Panama Papers: Poghosyan

Read on the website Vestnik Kavkaza

A new offshore controversy is erupting in Armenia. This time it is focused on the former chief of the Compulsory Enforcement Service of Judicial Acts (CES), Major-General of Justice Mihran Poghosyan. Last month, the online edition Hetq.am, the staff of which participated in a joint project of the International Consortium of Investigative Journalists (ICIJ), published a scandalous article about the CES chief Mihran Poghosyan's companies in the offshore zone in Panama. The CES head engaged in business through those companies, using his position for its development and hiding revenues.

According to the authors of the article 'Mihran Poghosyan: Armenia’s Chief Compulsory Enforcement Officer’s offshore companies and Swiss bank accounts', the former CES chief has shares in three companies registered in Panama: Sigtem Real Estates Incorporated, Hopkinten Trading Incorporated and Bangio Invest S.A. The first two companies are equal owners of Best Realty Ltd. registered in Armenia. Best Realty was the company that appraised the value of the Karen Demirchian Sports and Concert Complex in Yerevan at 25.8 billion drams ($1 = 490 drams) only without taking the fact that the complex is a state landmark into account. In addition, Best Realty is carring out appraisals of fixed and moveable property in CES cases.

Mihran Poghosyan and his family members are involved in many of the important business ventures in Armenia in the field of construction, supervision of paid parking lots, metal exports, nourished with state budget funds. According to the leaked documents, Sigtem Real Estates Inc. and Hopkinten Trading Inc. have opened accounts in LGB Bank (Suise) SA. Mihran Poghosyan is the only person authorized to manage the account with individual signiture right. Two weeks after the controversy broke out he resigned, not even attempting to dispute a claim, but only promised to return to the topic of offshore companies as an ordinary citizen.

Mihran Poghosyan is not the first high-ranking Armenian official to be at the center of an offshore scandal. Three years ago the uproar associated with the publication of materials by Hetq.am that the former Prime Minister Tigran Sarkitsyan and the head of the Ararat Diocese of the Armenian Apostolic Church Archbishop, Navasard Kchoyan, have companies registered in an offshore zone of Cyprus. According to analysts, this fact, along with the development of the situation around the mandatory funded pension system, which was negatively perceived by society, caused the resignation of the prime minister, who would have seemed invulnerable. According to the US non-governmental organization Global Financial Integrity (GFI), which is engaged in the research of illegal capital flight from developing countries, in 2004-2013 the annual average flow from Armenia was $983 million.

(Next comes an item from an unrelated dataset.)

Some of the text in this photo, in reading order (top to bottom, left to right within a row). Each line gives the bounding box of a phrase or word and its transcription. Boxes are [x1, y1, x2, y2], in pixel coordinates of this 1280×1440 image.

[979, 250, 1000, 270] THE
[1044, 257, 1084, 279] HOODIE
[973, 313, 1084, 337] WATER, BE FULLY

Despite the documents confirming the involvement of ex-prime minister and Kchoyan in the activities of offshore companies, despite the testimony of a witness, the businessman Paylak Hayrapetyann, the Armenian law enforcement bodies are investigating this case without much enthusiasm. The preliminary investigation was completed last year and transferred to the court, however, the process has been stalled for now.

The law enforcement officers show the same attitude towards companies registered in Panama's offshore sector. According to the Department of Public Relations and Information of the Armenian Police, an investigation is being carried out, information about Mihran Poghosyan's offshore companies is being verified.

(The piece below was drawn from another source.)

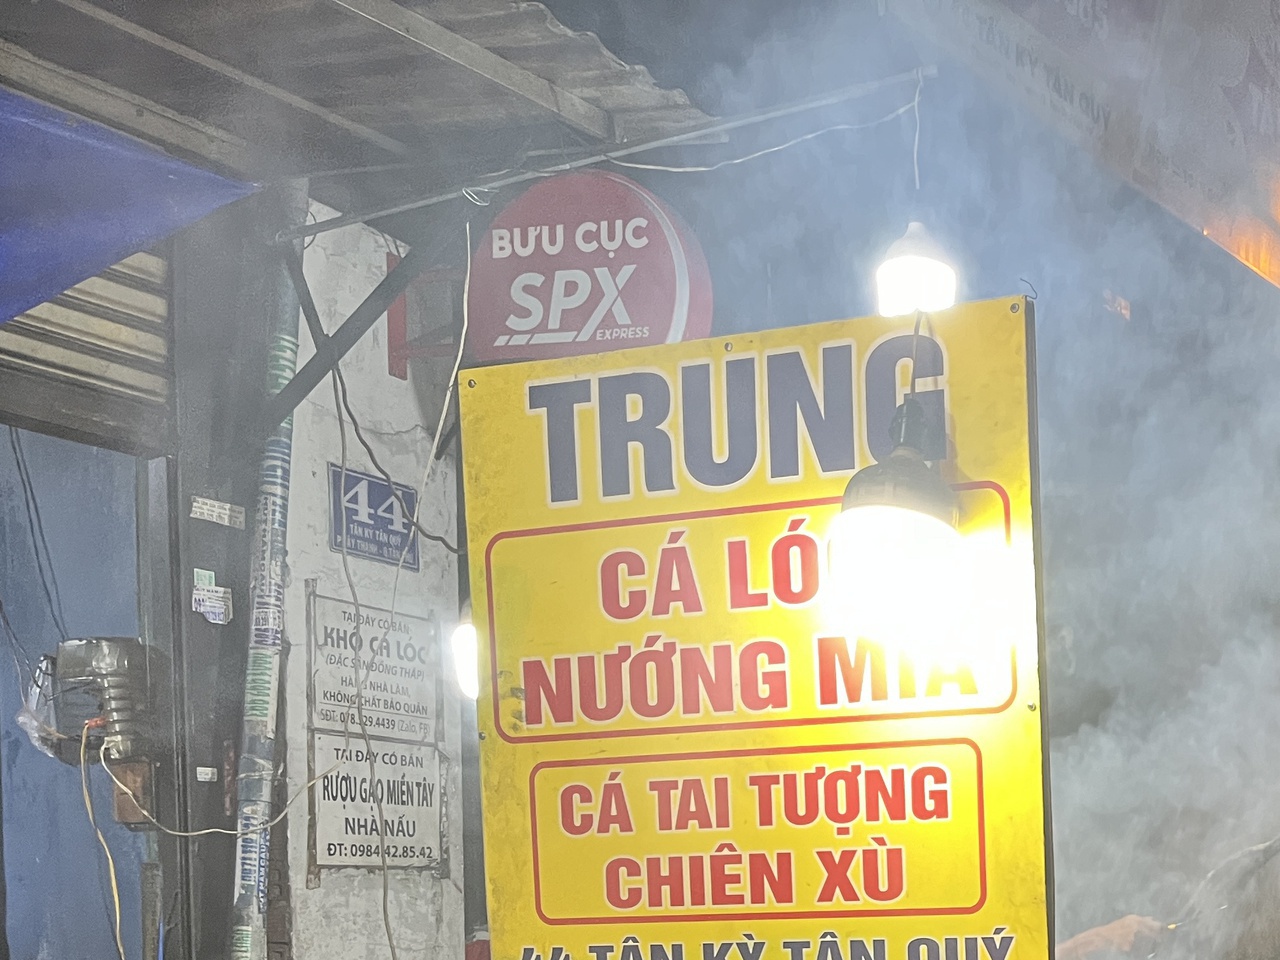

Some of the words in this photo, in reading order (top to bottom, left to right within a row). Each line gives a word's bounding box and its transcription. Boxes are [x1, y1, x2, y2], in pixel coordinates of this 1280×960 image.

According to experts, the resignation of the CES chief was aimed at easing tensions in society and to avoid such serious questions as which those companies are, what they are doing, why they were open as offshore and, if financial resources were exported from Armenia, then of what volume? Some observers believe that the entire legal chain around the case of these companies does not mean anything, because, as it often happens in Armenia, in this case the decision depends on the leadership of the country, rather than on investigation materials or the force of law, and according to rumors, the former CES head is President Serzh Sargsyan's favorite.

One way or another, the facts were discovered that a government official had offshore companies, controlled the bank accounts of these companies, the activities of which were largely tied to the Armenian economy. The official himself did not deny this information. Therefore, there is every reason for a criminal investigation, within which answers to society's questions can be given. However, the law enforcement bodies are still busy studying the published materials and, judging by the atmosphere in the higher echelons of power, which determine the application of the law, this 'study' will last as long as society's questions are 'buried' after all this time.

The desire of the authorities to hush up scandals linked to Sargsyan and Pogosyan demonstrates that the statements by the representatives of the ruling elite of Armenia in the fight against corruption remain an imitation. Otherwise, a senior official should face criminal sanctions, not just get off with nothing more than a fright after resignation.